### Annotated photo localization data
--- START ---
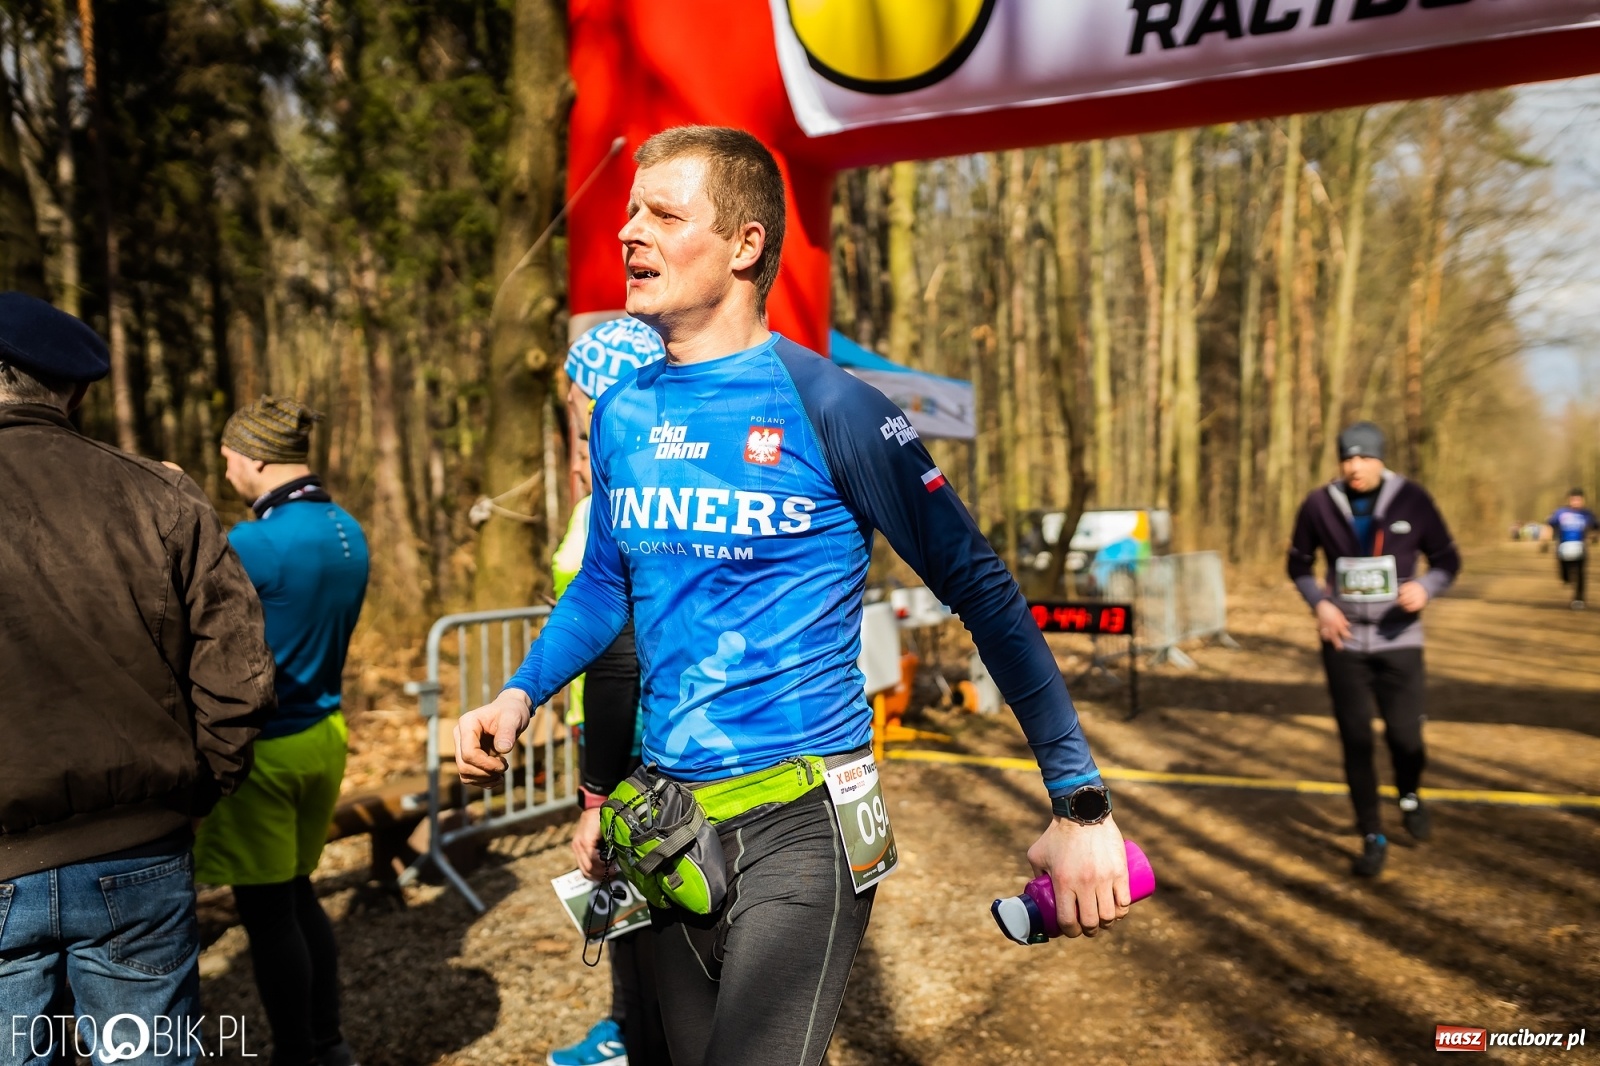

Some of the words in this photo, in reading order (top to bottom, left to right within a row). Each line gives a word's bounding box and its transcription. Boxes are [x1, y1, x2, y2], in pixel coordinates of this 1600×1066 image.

[750, 415, 786, 425] POLAND
[654, 442, 710, 460] okna
[692, 544, 753, 560] TEAM
[836, 773, 844, 785] X
[844, 766, 863, 783] BIEG
--- END ---
### What to produce
The data is to be returned exactly as it stands, pictures aside.

### Answer section
Some of the words in this photo, in reading order (top to bottom, left to right within a row). Each line gives a word's bounding box and its transcription. Boxes are [x1, y1, x2, y2], in pixel coordinates of this 1600×1066 image.

[750, 415, 786, 425] POLAND
[654, 442, 710, 460] okna
[692, 544, 753, 560] TEAM
[836, 773, 844, 785] X
[844, 766, 863, 783] BIEG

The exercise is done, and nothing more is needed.